IDBI Bank’s provisions and contingencies declined sharply from Rs 5,641.32 crore in Q2FY20 to Rs 581.15 crore in Q2FY21. In fact, it actually reversed provisions worth Rs 164.6 crore for non-performing assets in Q2. Its provision coverage ratio stood at 96 per cent in September 2020.
As for Covid impact and provisions, the bank said it has, as a prudent step, made a provision of Rs 270 crore for cases to be restructured under the Resolution framework. RBI has issued rules for restructuring debt–-personal, MSME and corporate-–impacted by Covid-19-related stress.
Also, in line with the Supreme Court judgement, the bank has not classified accounts that could have slipped into default, as NPA after the end of the moratorium on August 31. It has however maintained provision against them under standard assets provision.
Had the bank classified borrower accounts as NPA after August 31, its proforma Gross NPA ratio and proforma Net NPA ratio would have been 25.2 per cent and 2.81 per cent respectively.
Gross NPA improved to 25.08 per cent at end of September 2020 from 29.43 per cent a year ago and 26.81 per cent as on June 30, 2020.
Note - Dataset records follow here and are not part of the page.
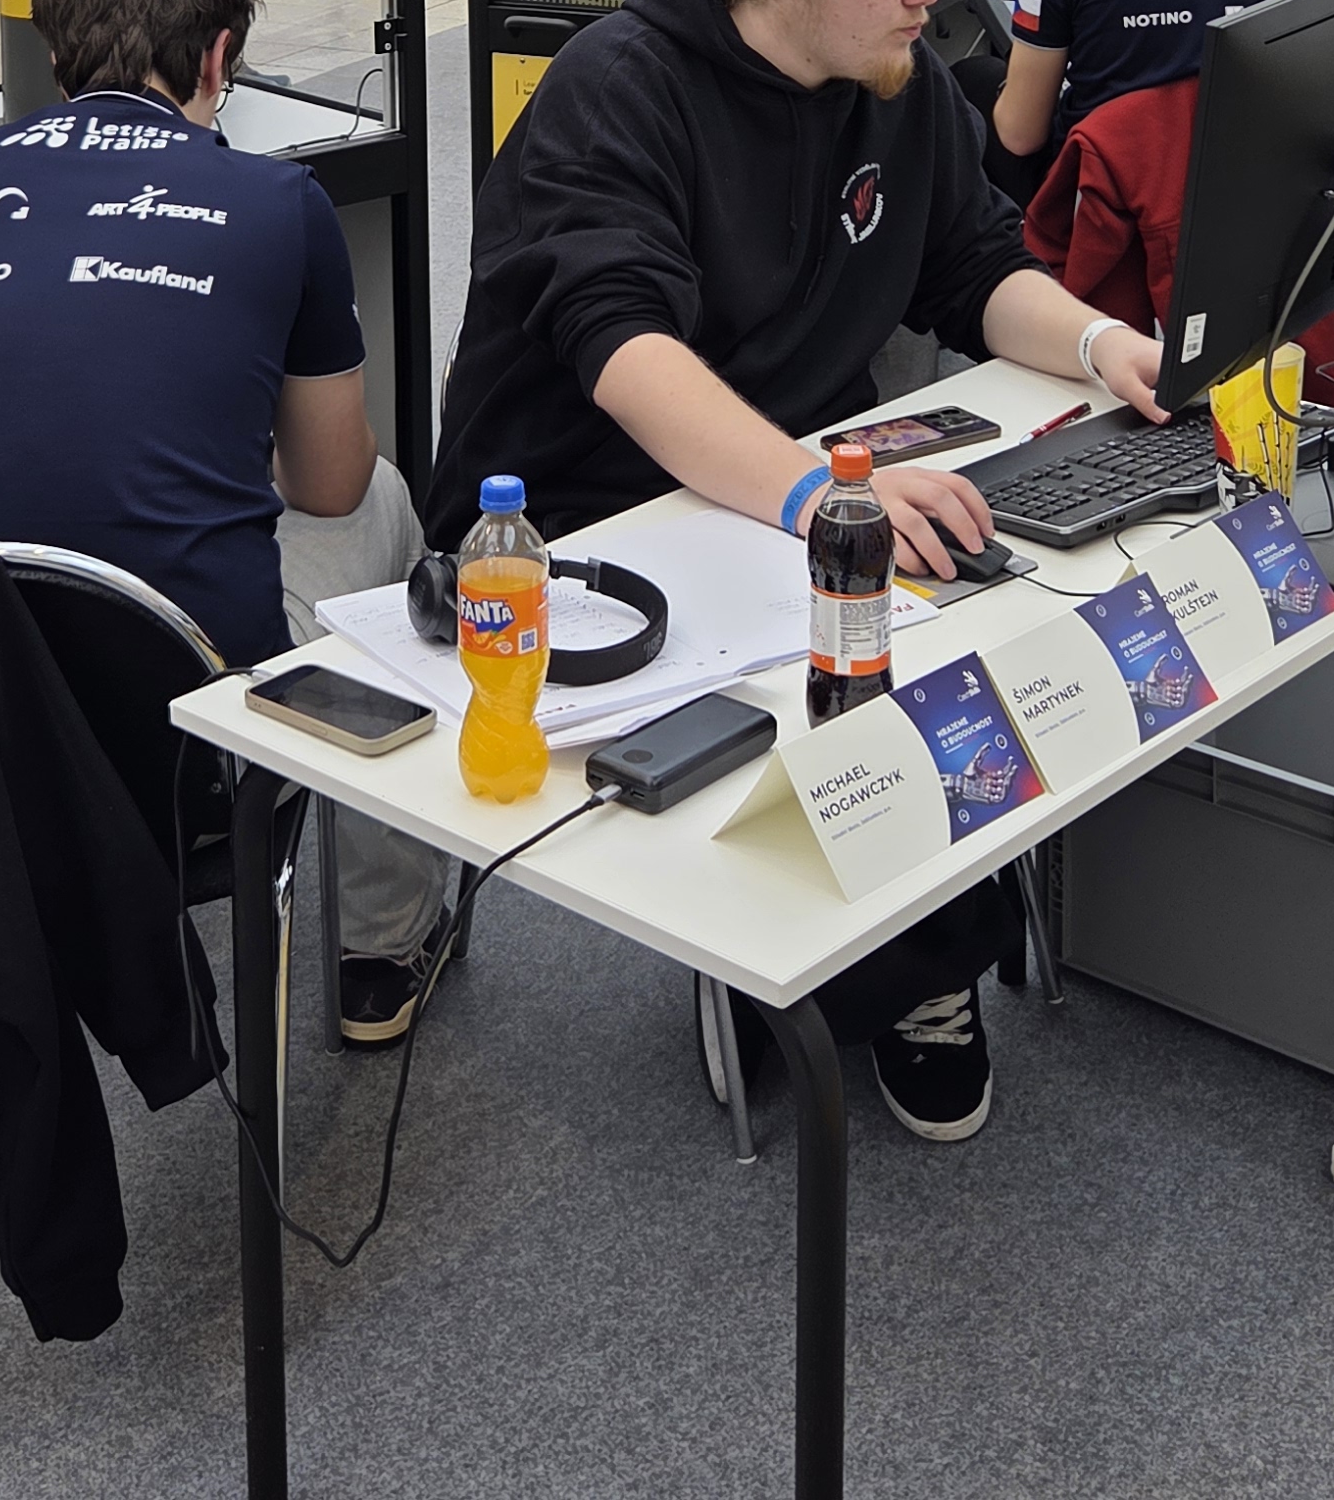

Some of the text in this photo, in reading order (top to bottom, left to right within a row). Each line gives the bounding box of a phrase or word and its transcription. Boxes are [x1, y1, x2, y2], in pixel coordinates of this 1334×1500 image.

[1123, 10, 1193, 29] NOTINO
[80, 133, 168, 151] Praha
[100, 261, 214, 295] Kaufland
[1161, 579, 1200, 604] ROMAN
[460, 593, 514, 624] FANTA
[1012, 675, 1052, 705] ŠIMON
[1022, 680, 1085, 723] MARTYNEK
[809, 763, 871, 803] MICHAEL
[819, 768, 906, 824] NOGAWCZYK
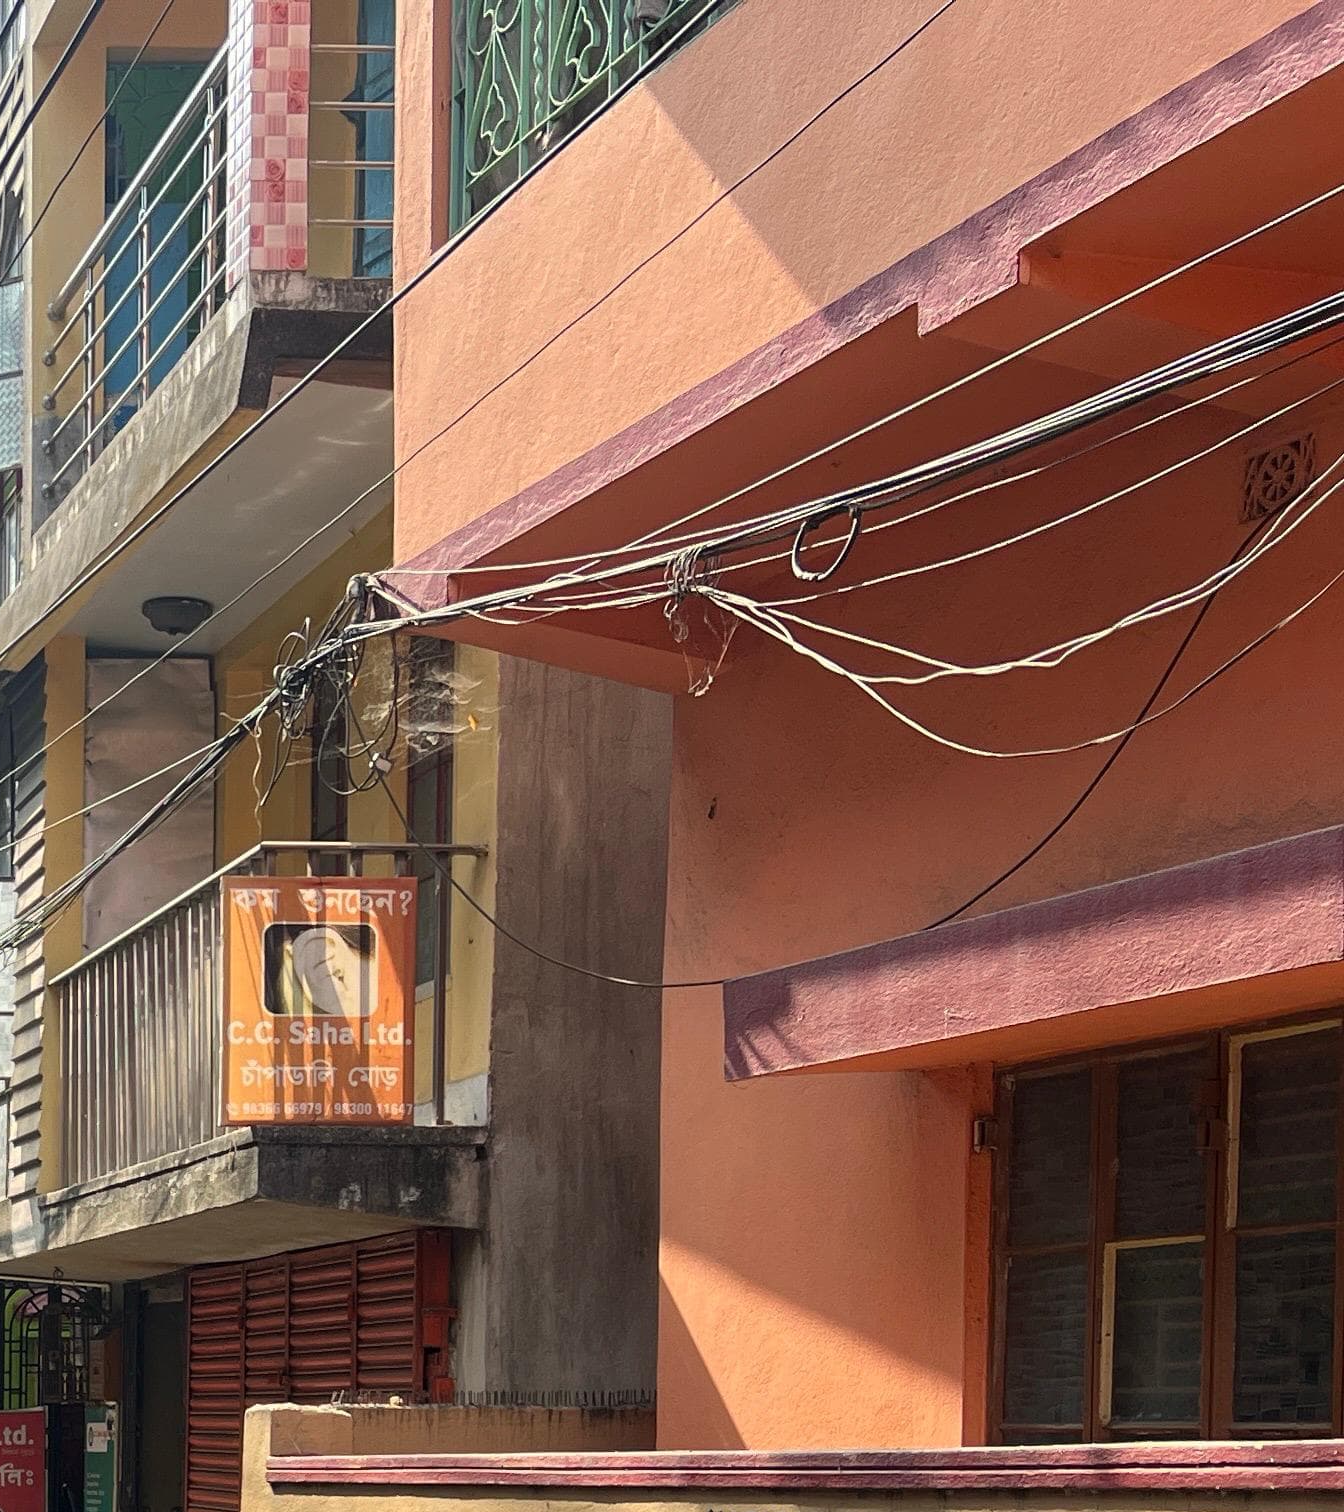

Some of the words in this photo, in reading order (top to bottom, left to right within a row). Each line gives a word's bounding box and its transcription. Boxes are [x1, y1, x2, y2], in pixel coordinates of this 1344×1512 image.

[233, 887, 280, 914] কম
[227, 1020, 281, 1045] C.C.
[288, 1020, 354, 1045] Saha
[363, 1021, 412, 1046] Ltd.
[284, 1102, 323, 1116] 66979
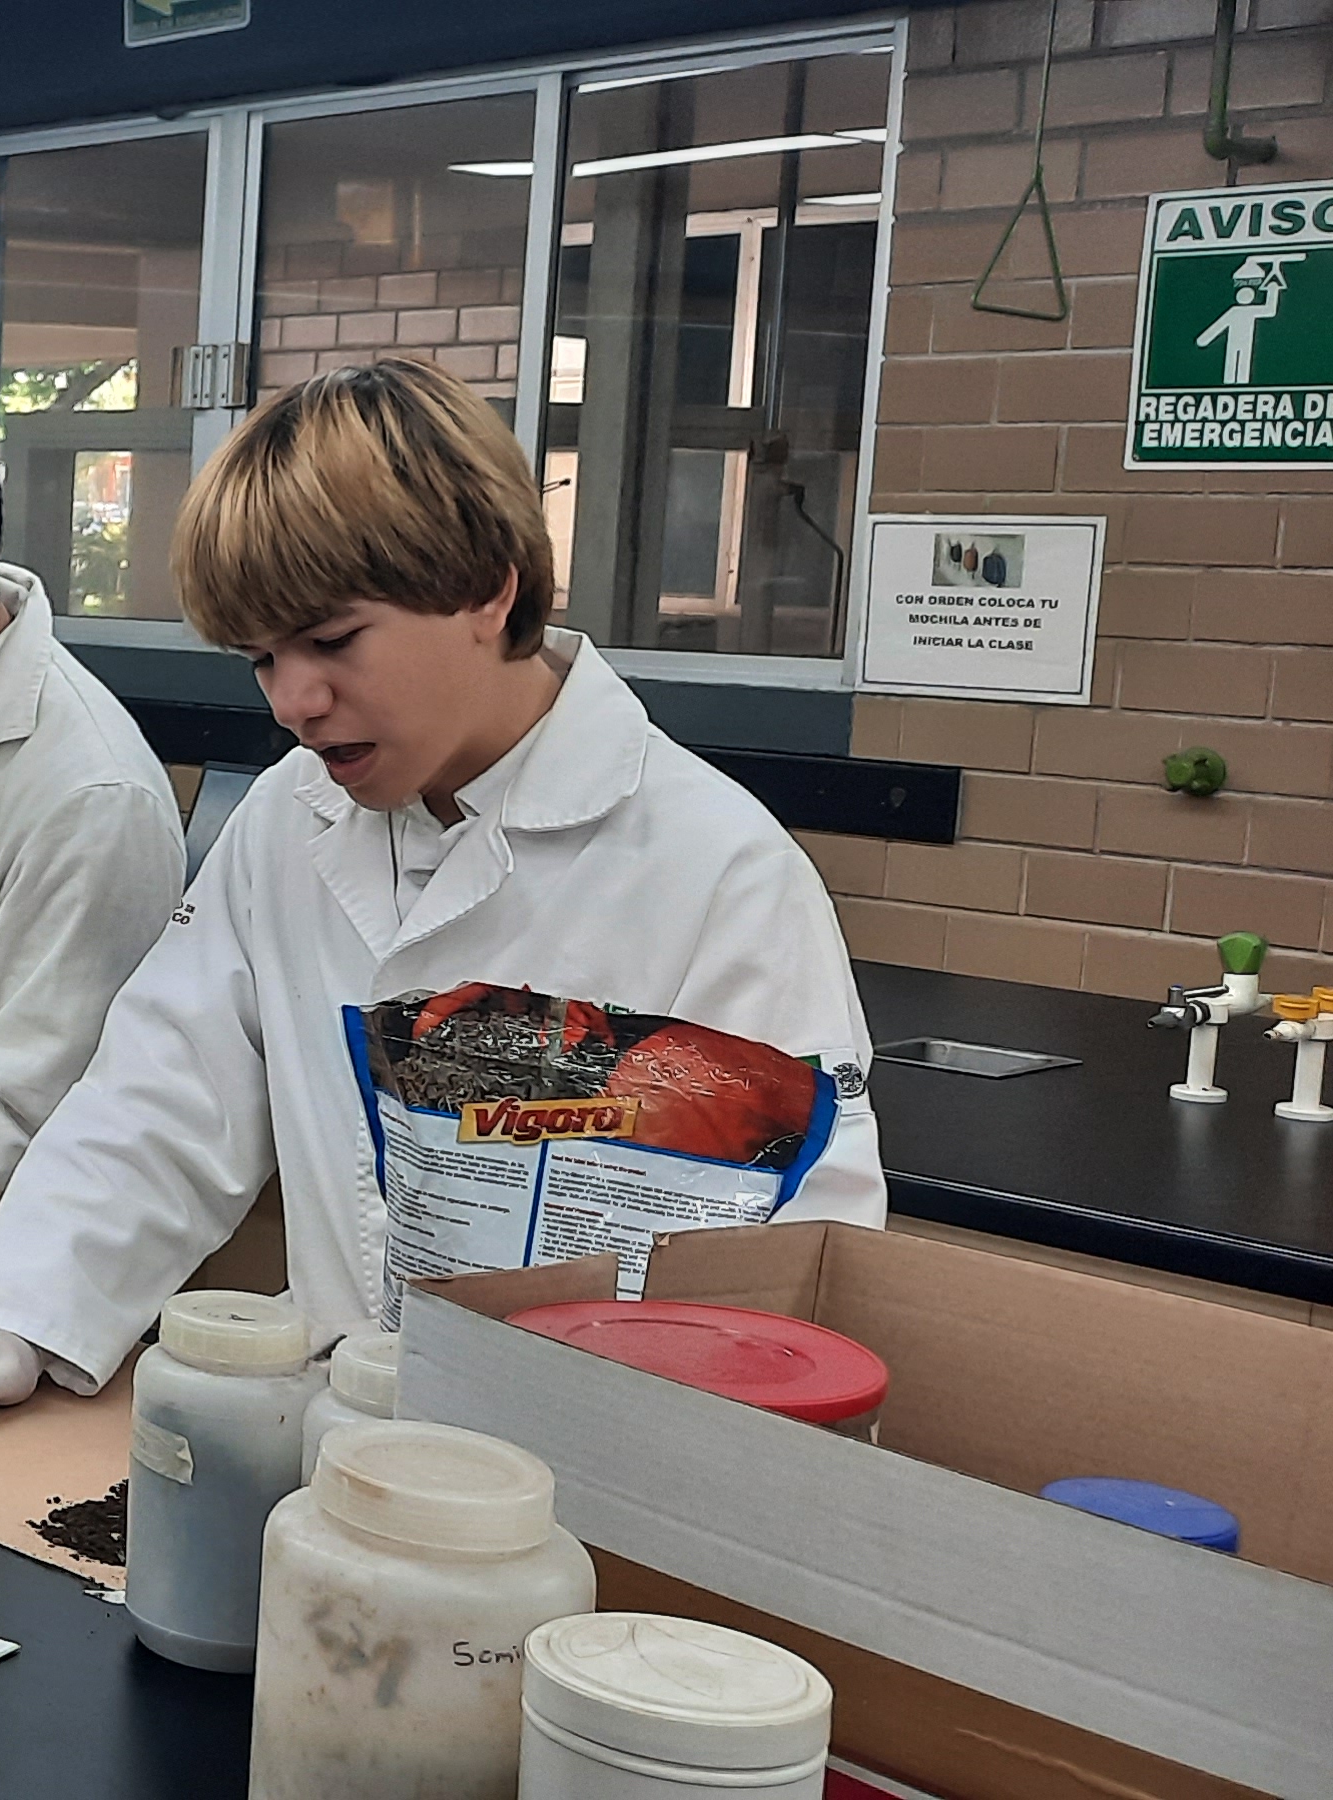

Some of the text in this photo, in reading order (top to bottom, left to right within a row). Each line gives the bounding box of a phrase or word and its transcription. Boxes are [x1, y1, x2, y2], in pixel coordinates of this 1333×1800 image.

[1139, 394, 1295, 421] REGADERA
[1142, 421, 1333, 447] EMERGENCIA
[896, 595, 1059, 609] CON ORDEN COLOCA TU
[909, 614, 1042, 628] MOCHILA ANTES DE
[913, 636, 1034, 650] INICIAR LA CLASE
[473, 1098, 624, 1141] Vigoro
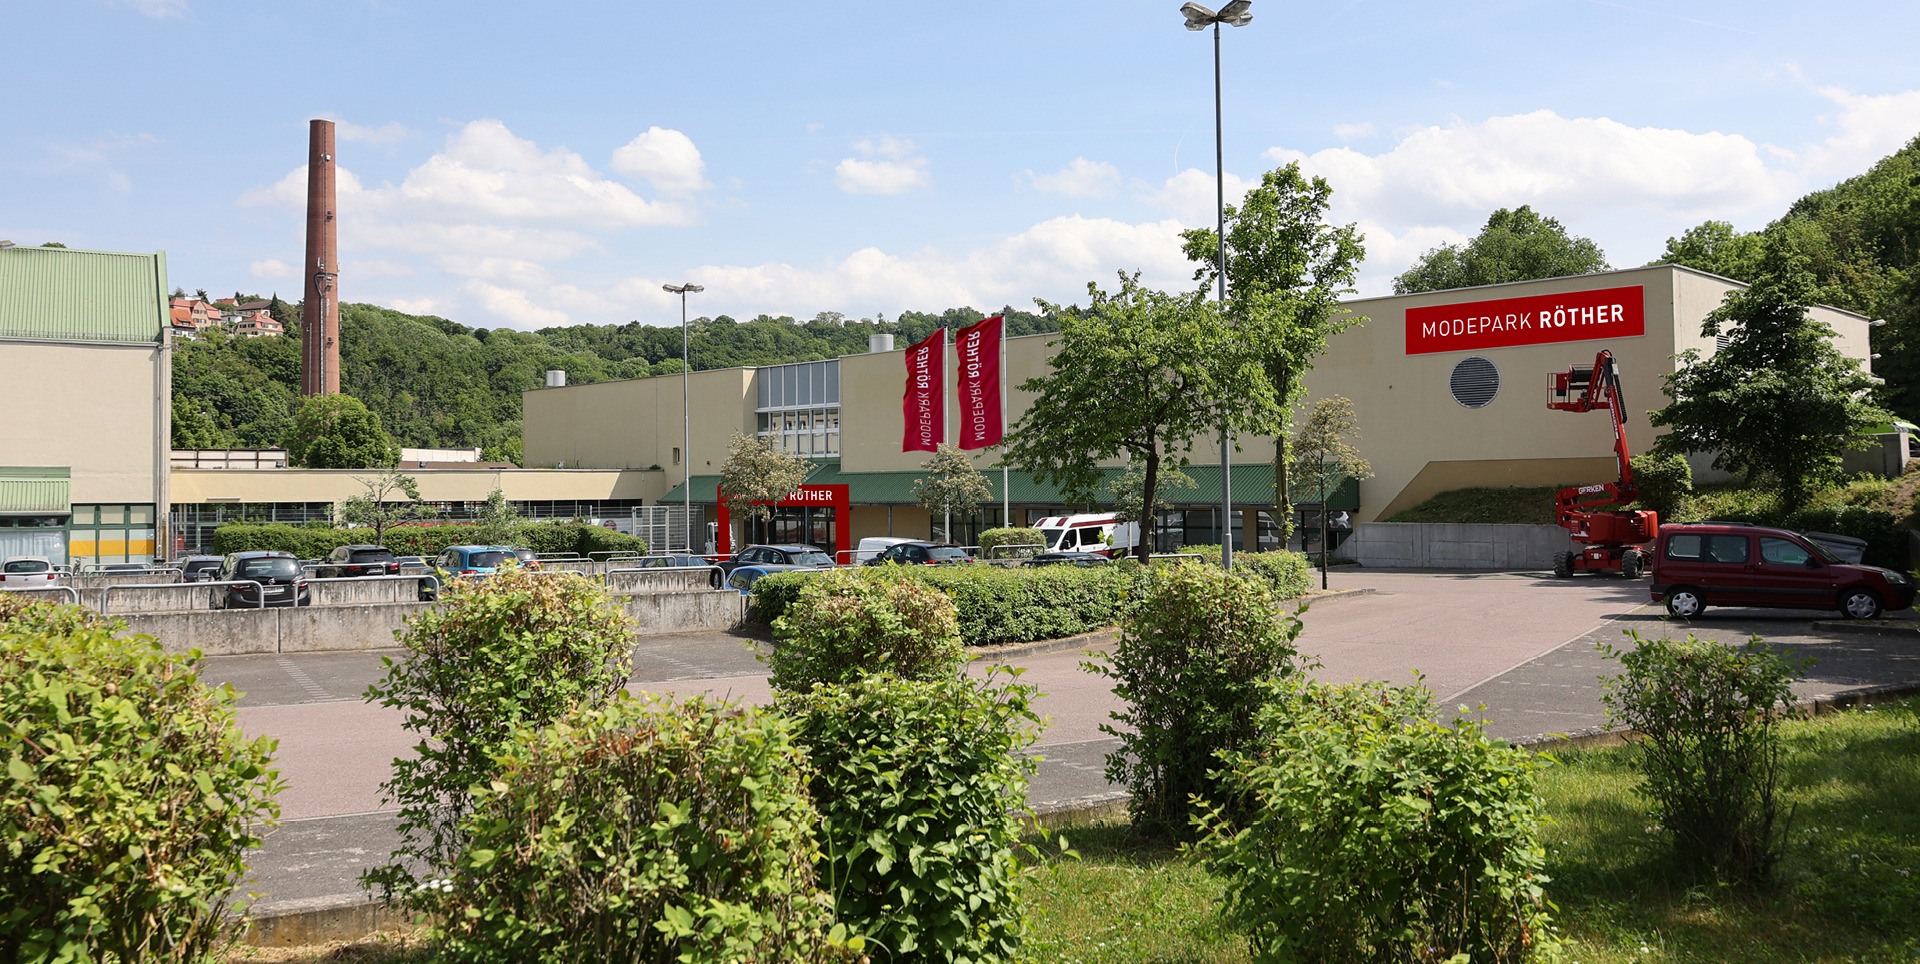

The Net NPA ratio improved to 2.67 per cent from 5.97 per cent as on September 30, 2019 and 3.55% as on June 30, 2020.
The Provision Coverage Ratio (including Technical Write-Offs) improved to 95.96 per cent in September 30, 2020 from 91.25 per cent a year ago and 94.71% as on June 30, 2020.
Capital Adequacy Ratio (CAR) was 13.67 per cent 9tier I 11.06 per cent) at end of Q2Fy21, up from 11.98 per cent a year ago (Tier I of 9.52 per cent in September 2019).